Der Kern des Abkommens, der Kern des Konflikts in Kolumbien ist die Frage des Landes. „Die Böden gehören oft mehreren Menschen zugleich, sie haben kein Eigentum daran; die Reorganisation kann der Kern neuer Gewalt sein“, erklärt der Vorsitzende der Bischofskonferenz. „Die Kirche jedenfalls ist die einzige Organisation, die wirklich überall ist. Und das ist hilfreich. Zum Beispiel sind Taufakte oft die einzigen Dokumente, die beweisen können, dass diese und jene Familie da seit Jahrzehnten gelebt hat.“

Die Konflikte in Kolumbien sind sehr tief verwurzelt, sagt Urbina: „Kolumbien ist ein Land, das von Anfang an im Krieg war. Und Lösungen waren immer nur Scheinlösungen, die neue Konflikte hervorgebracht haben: die Nicht-Inklusion der Bauern führte zur Gründung der FARC. Die erste Agrarreform blieb unrealisiert, und deshalb schlossen die campesinos, die Kleinbauern, sich zusammen – 80 Prozent der Menschen in Kolumbien sind campesinos. Wir haben aber heute mehr Bewusstsein und mehr Mittel als früher. Das hilft.“ Und selbstkritisch räumt der Vorsitzende der Bischofskonferenz ein: „Die Kirche muss ihre soziale Rolle noch besser entwickeln als bisher. Bisher war es eher Fürsorge.“

Kolumbien könnte so reich sein…

Dabei hat das Land gewaltige Ressourcen. Kolumbien könnte ein reiches Land sein.
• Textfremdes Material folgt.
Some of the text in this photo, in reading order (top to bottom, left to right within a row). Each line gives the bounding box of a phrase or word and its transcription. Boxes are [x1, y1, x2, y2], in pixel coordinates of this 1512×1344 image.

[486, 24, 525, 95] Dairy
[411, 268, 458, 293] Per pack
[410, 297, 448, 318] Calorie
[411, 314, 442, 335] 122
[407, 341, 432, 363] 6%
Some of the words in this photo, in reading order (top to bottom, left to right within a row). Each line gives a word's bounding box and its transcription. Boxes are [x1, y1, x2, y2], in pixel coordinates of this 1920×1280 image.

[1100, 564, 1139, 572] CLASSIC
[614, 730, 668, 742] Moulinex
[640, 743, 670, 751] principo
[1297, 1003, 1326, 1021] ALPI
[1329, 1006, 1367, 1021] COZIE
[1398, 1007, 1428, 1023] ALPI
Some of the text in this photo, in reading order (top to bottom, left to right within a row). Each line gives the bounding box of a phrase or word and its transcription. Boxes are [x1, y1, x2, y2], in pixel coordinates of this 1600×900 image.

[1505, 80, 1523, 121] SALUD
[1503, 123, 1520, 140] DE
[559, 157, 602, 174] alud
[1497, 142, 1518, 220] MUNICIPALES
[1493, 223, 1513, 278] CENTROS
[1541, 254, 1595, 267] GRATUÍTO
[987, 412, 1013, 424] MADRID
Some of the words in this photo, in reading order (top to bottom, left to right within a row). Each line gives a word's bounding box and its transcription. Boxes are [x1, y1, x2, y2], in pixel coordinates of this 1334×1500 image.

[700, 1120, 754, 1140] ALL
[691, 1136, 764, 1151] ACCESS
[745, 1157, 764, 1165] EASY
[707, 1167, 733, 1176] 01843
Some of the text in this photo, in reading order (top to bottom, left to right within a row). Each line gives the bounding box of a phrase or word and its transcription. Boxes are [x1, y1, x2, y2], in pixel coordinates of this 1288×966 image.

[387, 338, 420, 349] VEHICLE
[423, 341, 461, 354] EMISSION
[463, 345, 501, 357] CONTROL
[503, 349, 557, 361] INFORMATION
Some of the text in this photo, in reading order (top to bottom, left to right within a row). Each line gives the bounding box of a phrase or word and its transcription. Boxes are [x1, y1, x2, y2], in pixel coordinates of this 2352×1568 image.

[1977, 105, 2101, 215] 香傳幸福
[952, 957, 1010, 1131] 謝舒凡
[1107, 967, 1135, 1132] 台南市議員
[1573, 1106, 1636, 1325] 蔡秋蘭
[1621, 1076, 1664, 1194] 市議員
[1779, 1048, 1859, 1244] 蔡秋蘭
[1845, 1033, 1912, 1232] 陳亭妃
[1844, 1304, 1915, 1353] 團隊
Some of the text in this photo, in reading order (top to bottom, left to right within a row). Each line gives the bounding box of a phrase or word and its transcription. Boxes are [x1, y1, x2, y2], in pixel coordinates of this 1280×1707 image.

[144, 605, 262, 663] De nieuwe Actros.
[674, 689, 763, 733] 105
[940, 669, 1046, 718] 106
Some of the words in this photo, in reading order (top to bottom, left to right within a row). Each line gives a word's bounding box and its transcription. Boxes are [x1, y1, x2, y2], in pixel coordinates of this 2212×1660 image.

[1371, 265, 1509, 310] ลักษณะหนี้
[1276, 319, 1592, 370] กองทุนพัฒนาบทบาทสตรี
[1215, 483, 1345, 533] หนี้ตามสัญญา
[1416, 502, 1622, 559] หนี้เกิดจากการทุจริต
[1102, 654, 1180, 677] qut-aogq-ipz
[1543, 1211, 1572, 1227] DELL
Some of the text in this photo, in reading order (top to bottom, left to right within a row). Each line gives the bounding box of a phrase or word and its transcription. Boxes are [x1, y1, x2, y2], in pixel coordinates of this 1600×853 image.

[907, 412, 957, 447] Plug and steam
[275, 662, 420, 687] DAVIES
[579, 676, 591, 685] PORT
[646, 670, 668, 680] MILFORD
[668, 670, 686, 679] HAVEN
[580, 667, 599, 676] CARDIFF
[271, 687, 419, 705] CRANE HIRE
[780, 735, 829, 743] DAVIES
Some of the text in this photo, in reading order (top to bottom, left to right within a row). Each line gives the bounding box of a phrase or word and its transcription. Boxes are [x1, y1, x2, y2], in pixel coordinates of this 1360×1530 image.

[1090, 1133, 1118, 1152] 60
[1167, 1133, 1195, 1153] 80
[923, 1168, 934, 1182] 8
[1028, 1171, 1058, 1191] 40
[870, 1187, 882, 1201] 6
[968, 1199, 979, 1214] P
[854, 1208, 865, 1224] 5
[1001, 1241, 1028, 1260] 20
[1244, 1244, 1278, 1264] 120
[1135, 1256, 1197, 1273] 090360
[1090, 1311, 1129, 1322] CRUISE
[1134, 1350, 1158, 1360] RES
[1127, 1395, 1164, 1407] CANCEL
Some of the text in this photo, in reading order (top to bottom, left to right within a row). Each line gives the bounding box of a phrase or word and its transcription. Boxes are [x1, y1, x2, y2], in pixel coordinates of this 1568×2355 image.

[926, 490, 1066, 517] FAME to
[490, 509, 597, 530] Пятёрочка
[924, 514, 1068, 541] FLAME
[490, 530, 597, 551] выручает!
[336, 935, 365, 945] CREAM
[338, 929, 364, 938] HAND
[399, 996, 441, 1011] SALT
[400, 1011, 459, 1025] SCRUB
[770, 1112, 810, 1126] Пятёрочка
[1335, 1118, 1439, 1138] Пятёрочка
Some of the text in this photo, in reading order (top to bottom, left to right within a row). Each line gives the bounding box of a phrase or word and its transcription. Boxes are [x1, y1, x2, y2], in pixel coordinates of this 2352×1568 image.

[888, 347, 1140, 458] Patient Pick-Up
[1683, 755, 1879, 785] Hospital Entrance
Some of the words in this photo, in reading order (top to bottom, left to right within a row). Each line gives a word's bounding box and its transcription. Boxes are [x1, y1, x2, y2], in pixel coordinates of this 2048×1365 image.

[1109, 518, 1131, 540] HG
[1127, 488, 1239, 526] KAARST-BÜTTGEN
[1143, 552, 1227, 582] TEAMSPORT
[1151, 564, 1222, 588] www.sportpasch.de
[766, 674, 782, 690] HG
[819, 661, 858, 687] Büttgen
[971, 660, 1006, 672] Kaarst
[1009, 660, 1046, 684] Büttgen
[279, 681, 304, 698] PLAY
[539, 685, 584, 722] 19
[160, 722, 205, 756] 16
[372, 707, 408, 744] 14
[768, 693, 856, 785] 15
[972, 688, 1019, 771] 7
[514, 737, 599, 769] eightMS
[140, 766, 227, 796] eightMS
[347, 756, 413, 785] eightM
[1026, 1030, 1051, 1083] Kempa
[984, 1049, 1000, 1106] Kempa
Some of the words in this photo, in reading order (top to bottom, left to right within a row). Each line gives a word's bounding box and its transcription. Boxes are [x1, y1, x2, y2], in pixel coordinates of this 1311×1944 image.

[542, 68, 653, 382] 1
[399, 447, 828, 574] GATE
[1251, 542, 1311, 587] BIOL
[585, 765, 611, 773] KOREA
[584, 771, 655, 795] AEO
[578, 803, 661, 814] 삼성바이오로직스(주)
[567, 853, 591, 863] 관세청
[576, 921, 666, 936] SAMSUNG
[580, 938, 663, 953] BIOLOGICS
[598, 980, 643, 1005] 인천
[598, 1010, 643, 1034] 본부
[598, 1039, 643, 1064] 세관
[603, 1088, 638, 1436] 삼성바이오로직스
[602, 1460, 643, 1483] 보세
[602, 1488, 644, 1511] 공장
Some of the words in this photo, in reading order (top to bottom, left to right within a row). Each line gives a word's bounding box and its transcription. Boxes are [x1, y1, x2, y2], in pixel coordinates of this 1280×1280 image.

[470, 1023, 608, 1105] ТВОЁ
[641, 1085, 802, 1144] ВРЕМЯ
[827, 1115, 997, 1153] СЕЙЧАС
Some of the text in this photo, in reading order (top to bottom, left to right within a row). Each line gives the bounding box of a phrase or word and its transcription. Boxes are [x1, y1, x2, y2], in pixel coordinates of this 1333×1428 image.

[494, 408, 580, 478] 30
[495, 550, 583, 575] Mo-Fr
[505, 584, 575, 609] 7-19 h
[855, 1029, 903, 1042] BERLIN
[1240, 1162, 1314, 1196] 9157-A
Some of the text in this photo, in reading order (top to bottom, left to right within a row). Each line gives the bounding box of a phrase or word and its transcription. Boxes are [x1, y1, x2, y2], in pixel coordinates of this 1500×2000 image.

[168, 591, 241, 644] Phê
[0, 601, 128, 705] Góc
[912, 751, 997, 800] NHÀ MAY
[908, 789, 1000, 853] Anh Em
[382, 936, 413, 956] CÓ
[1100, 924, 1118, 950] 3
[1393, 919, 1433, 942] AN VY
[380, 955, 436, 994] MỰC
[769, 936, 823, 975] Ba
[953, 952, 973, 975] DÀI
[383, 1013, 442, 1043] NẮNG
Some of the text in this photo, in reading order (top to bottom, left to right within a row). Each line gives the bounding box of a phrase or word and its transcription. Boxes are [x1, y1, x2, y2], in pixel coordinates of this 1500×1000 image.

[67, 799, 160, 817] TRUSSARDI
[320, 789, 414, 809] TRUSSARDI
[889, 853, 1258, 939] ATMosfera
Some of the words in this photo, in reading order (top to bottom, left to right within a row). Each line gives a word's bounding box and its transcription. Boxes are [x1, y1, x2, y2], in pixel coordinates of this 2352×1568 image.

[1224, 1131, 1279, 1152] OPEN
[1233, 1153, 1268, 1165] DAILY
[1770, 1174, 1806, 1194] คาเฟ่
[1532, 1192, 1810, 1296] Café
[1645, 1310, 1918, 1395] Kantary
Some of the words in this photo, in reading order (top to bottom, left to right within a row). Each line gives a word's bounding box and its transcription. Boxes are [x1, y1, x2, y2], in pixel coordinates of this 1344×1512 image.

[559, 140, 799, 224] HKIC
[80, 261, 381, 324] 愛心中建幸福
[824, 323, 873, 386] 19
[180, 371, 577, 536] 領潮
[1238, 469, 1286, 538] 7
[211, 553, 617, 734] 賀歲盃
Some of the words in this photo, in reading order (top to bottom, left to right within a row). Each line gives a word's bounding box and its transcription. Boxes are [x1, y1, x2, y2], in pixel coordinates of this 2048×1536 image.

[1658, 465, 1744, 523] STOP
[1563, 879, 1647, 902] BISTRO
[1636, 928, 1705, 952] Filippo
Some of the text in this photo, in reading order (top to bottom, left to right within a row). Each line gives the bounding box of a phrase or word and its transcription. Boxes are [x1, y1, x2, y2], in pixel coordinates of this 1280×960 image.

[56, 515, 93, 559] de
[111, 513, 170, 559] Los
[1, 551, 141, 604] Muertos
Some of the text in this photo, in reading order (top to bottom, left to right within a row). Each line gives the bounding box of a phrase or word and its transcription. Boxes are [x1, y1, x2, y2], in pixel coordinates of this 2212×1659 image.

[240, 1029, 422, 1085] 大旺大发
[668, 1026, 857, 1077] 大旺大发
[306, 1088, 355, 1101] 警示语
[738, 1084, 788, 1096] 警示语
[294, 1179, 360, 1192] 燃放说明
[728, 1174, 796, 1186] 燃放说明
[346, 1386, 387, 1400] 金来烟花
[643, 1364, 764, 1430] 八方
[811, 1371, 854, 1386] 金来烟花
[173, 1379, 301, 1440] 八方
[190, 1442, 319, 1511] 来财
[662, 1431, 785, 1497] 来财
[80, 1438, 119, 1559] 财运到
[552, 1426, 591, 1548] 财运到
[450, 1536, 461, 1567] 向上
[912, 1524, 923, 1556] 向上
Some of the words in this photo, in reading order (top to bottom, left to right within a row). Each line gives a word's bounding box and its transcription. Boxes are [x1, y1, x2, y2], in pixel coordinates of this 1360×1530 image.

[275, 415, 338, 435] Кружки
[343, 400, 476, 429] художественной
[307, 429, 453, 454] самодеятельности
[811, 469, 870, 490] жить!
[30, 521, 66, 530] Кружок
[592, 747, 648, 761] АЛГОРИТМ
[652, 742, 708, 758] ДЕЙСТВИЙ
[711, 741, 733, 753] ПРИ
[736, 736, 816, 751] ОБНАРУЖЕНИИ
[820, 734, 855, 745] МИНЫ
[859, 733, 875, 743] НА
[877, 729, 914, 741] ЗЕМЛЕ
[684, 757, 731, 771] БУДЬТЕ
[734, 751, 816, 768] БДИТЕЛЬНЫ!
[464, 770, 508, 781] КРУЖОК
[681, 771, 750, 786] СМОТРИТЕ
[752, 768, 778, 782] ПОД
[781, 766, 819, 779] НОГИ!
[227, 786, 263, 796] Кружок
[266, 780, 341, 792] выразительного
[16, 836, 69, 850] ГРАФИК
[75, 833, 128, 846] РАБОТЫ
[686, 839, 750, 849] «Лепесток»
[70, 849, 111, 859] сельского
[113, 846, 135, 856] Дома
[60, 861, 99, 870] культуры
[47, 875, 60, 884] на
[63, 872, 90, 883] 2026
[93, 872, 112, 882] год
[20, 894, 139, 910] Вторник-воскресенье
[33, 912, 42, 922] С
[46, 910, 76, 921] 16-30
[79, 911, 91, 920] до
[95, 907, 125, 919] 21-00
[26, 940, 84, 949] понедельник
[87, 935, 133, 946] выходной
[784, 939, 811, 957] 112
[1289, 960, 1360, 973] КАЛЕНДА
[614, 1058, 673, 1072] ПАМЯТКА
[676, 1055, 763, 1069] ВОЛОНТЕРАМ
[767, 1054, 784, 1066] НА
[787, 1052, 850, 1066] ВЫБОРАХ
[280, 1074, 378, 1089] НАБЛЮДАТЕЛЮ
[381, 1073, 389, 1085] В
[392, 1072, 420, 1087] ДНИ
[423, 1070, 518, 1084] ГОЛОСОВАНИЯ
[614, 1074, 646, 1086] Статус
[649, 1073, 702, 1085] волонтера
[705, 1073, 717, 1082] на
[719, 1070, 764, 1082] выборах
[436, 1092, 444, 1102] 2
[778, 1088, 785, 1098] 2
Es hat Bodenschätze und eine Artenvielfalt, an die, bezogen auf die Fläche, nicht einmal Brasilien heranreicht. In seiner Bischofsstadt Villavicencio hat der Erzbischof jüngst ein Treffen zur Papstenzyklika „Laudato Si“ veranstaltet, mit dem Ziel, „ein Gefühl für die Erde zu entwickeln“, wie er sagt: „denn die Versöhnung im Land geht von den Opfern aus, und sie geht von der Erde aus.“

In den weiten, kaum besiedelten Landstrichen im Süden und Osten Kolumbiens leben an die 90 indigene Völker. Diese Gebiete werden jetzt gerade ansatzweise entwickelt. Ein Problem dort ist illegales Schürfen. Was aber dort wohl zunehmen wird, ist der Ausverkauf des Landes an internationale Bergbaukonzerne. „Wir als Bischofskonferenz verfolgen da jeweils lokal unterschiedliche Strategien“, sagt Erzbischof Urbina. „Wo die Bevölkerung sich dagegenstellt, da muss die Regierung eine neue Regelung finden. Die Zerstörung der Umwelt hat immer soziale Auswirkungen, vor allem für die Ärmsten. Das genau sagt Laudato si.“

Und wie stehen die Bischöfe zur nächsten Präsidentenwahl?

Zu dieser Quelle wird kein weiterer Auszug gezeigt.